Easy to make and oh so tasty. I think I scarfed three down before I even realized it . . . and then I went in for another one. Right now they are locked up in a Kilner jar, and placed up high so that I can’t reach them without help for fear that I might finish the whole lot tonight. They are THAT good! Yes.
Lightly crisp on the outsides . . . chewy on the insides . . . and stogged full of lovely dried sour cherries. I just adore dried sour cherries . . . I could eat them by the handful . . . but I don’t because they are rather on the pricey side. They remain a once in a blue moon treat.
They are beautifully showcased in these delightful little biscuits. Simply scrummy. One day I hope to go to Italy myself and taste these things first hand . . . or maybe even one day I will make it to Ottolenghi . . . but in the meantime it’s nice to know I can have a little taste of what the experience might be like.

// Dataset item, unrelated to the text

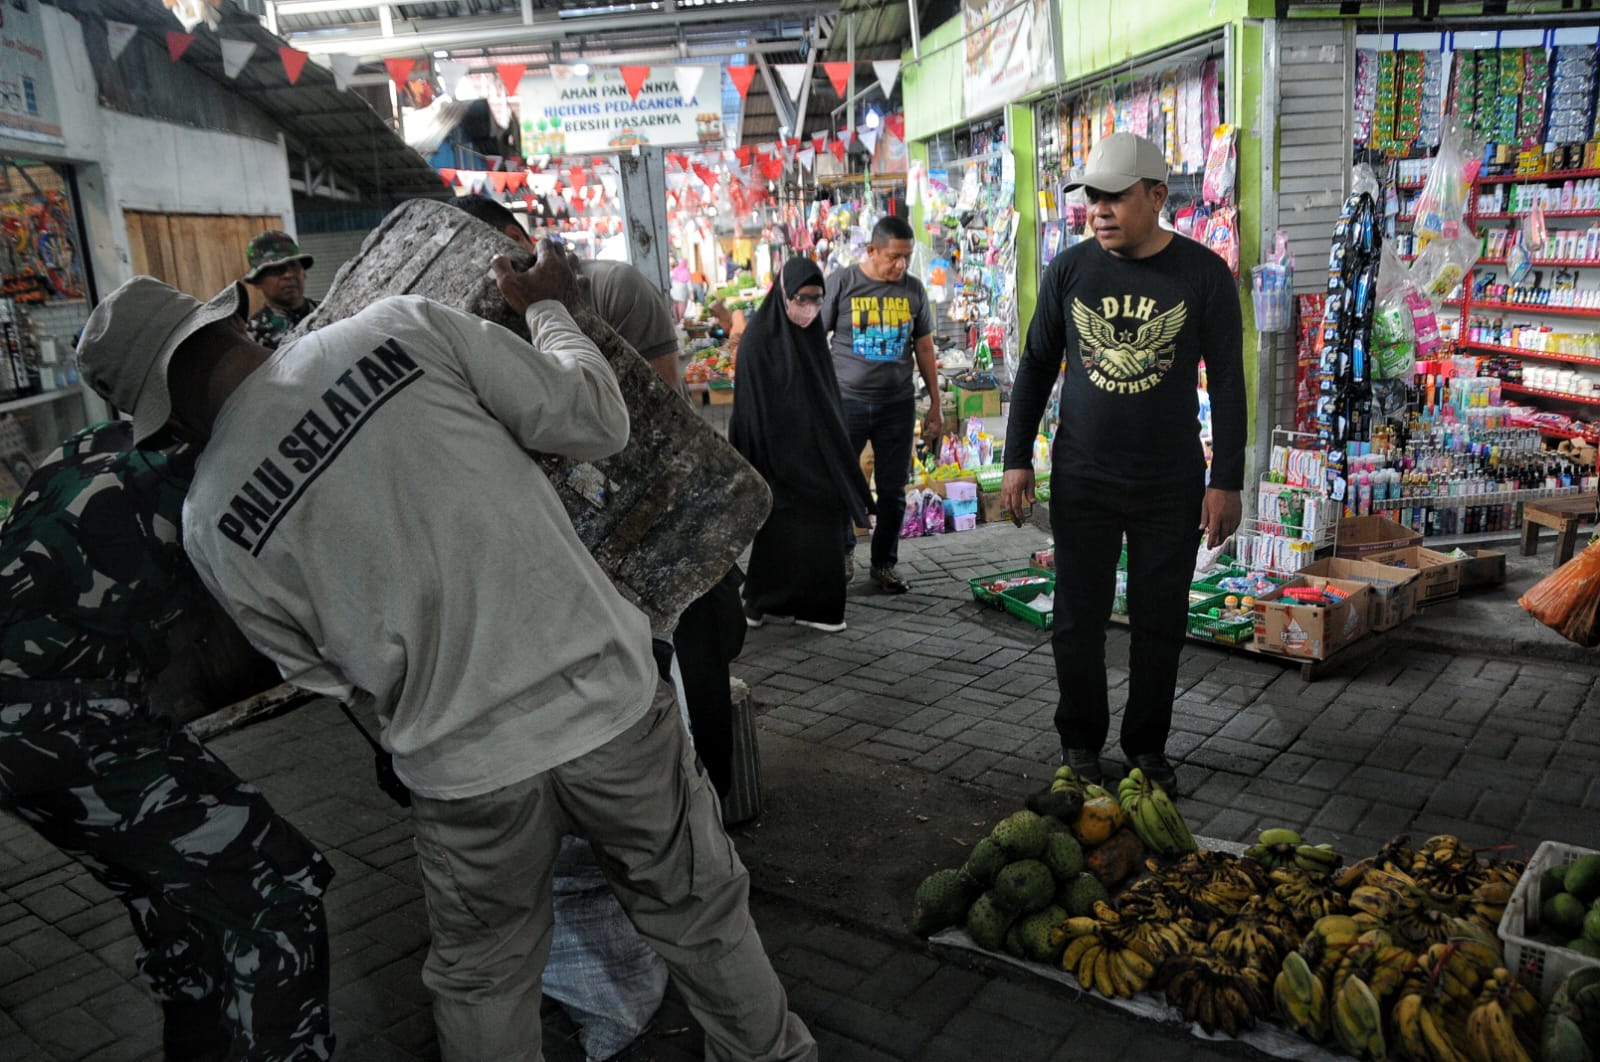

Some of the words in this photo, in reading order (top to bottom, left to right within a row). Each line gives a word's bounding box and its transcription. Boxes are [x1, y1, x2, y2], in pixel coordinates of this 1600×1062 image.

If I am not mistaken these are also Gluten Free, so long as you use gluten free icing sugar. These went down a real treat for my mid afternoon break with a nice big cup of hot chocolate. Have you ever sprinkled cinnamon sugar on your hot chocolate? At this hot chocolate place in Chester you can get your chocolate sprinkled with orange cinnamon sugar. I keep saying I am going to make some for myself, and one of these days . . . I will.
*Sour Cherry Amaretti*
Makes about 2 dozen
Delicious little almond flavoured biscuits, sweet and chewy and flecked with bits of dried sour cherries. Do be careful with the almond flavouring. Too much will be too much. You only want a couple drops.
120g golden caster sugar (10 TBS)
180g ground almonds (2 cups +2 TBS)
the finely grated zest of one unwaxed lemon
2 to 3 drops of pure almond extract
pinch of fine sea salt
60g dried sour cherries, roughly chopped (6 1/2 TBS)
2 large free range egg whites, at room temperature
2 tsp liquid honey
a bowl of sifted icing sugar to roll them in
Preheat the oven to 170*C/ 325*F/ gas mark 3. Line a baking sheet with baking paper. Set aside.
Measure the ground almonds, sugar, lemon zest and almond extract into a bowl. Rub together to help to distribute the ingredients evenly and release the oils and flavour from the lemon zest. Stir in the cherries.
Whip the egg white along with the honey until soft peaks form. Fold them into the almond mixture with a fork. You should have a soft malleable mixture.
Pinch off heaped tablespoon sized lumps of the dough. Roll into an egg shape between your hands then drop into the bowl of icing sugar. Toss gently to generously coat. Place onto the prepared baking sheet, gently pressing down on each side to make sort of a deconstructed triangular shape.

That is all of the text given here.